TASK ITEM: Transcription task. Write out each entry verbatim and exclude any image.

:: DATA LISTING ::

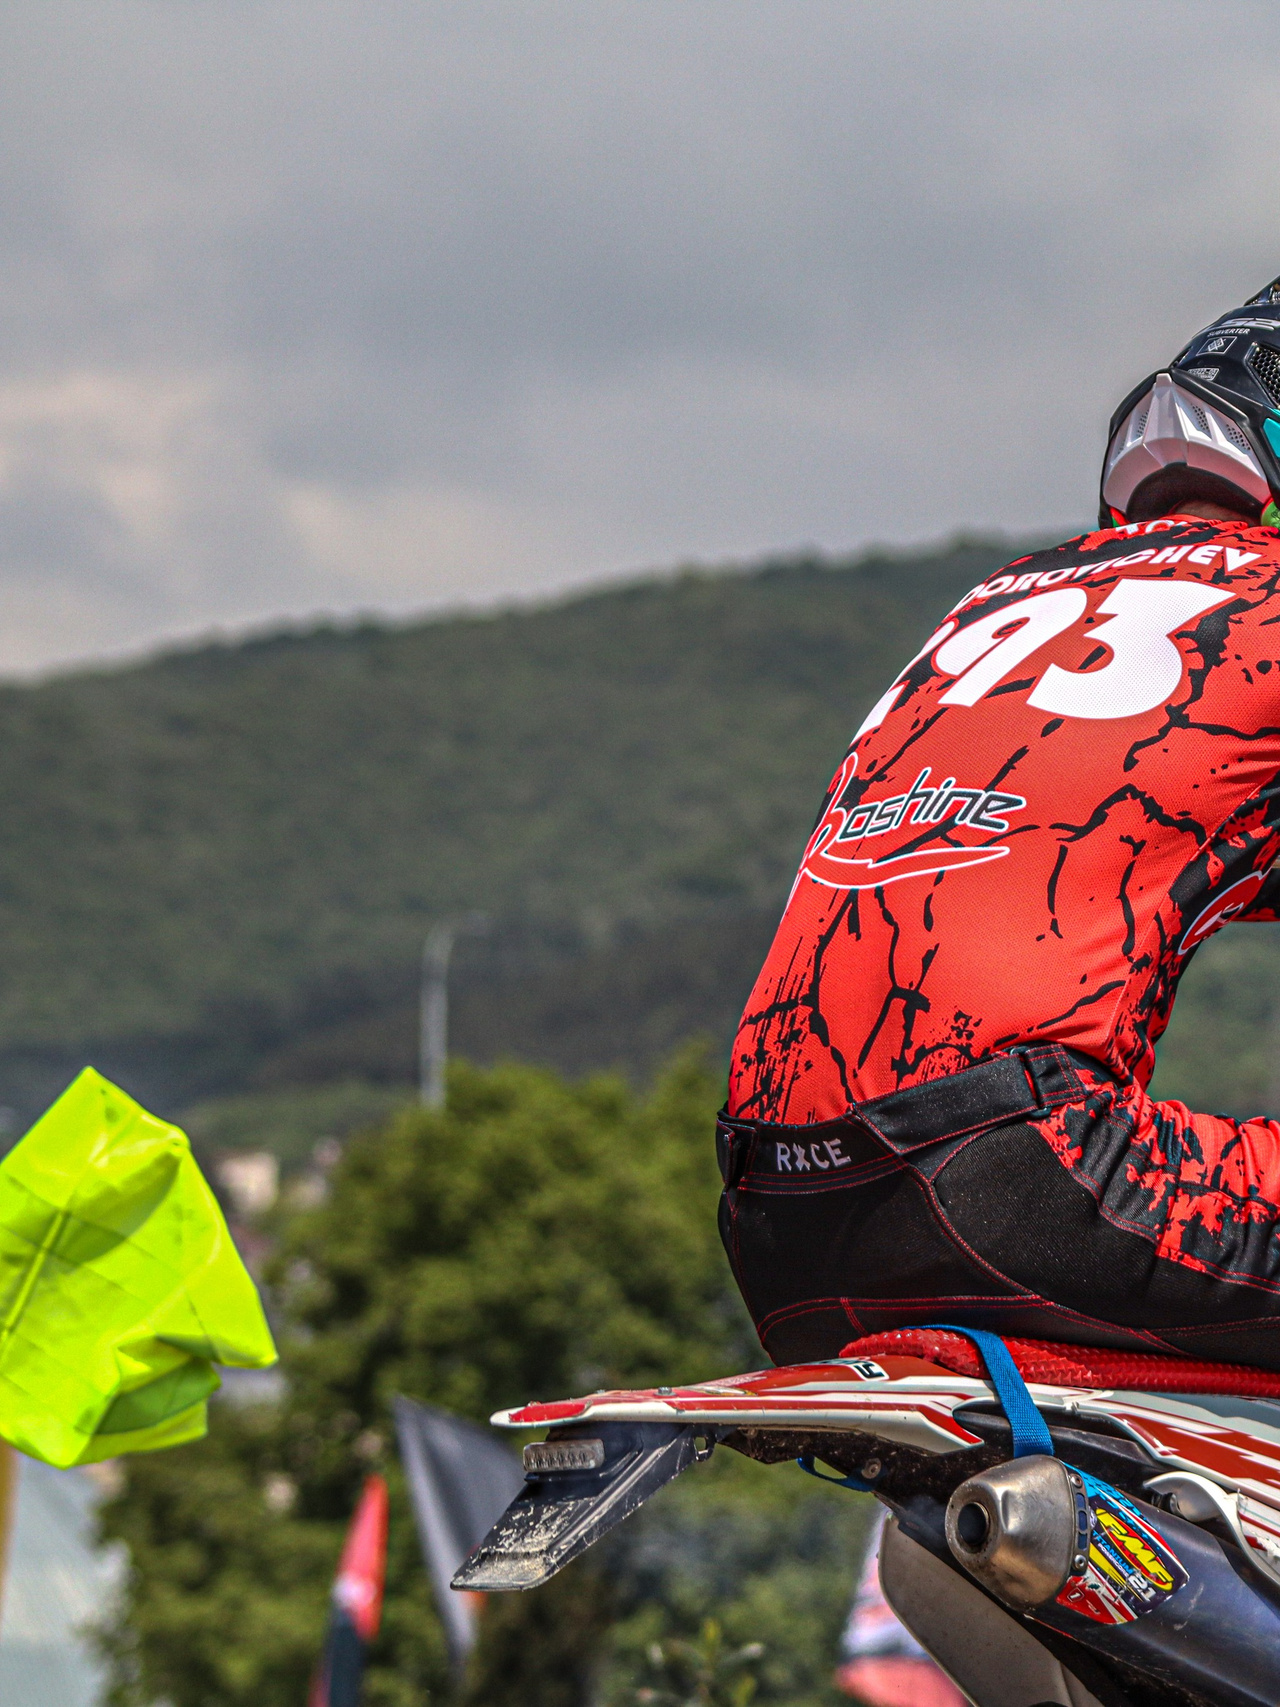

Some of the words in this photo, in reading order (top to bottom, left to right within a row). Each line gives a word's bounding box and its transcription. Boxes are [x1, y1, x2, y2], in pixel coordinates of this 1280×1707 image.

[1207, 327, 1251, 337] SUBVERTER
[1092, 1529, 1135, 1575] TITANIUM
[1096, 1510, 1174, 1583] FMF
[1097, 1542, 1130, 1580] POWERCORE

:::

WRITTEN ANSWER:
Some of the words in this photo, in reading order (top to bottom, left to right within a row). Each line gives a word's bounding box and its transcription. Boxes are [x1, y1, x2, y2], in pixel coordinates of this 1280×1707 image.

[1207, 327, 1251, 337] SUBVERTER
[1092, 1529, 1135, 1575] TITANIUM
[1096, 1510, 1174, 1583] FMF
[1097, 1542, 1130, 1580] POWERCORE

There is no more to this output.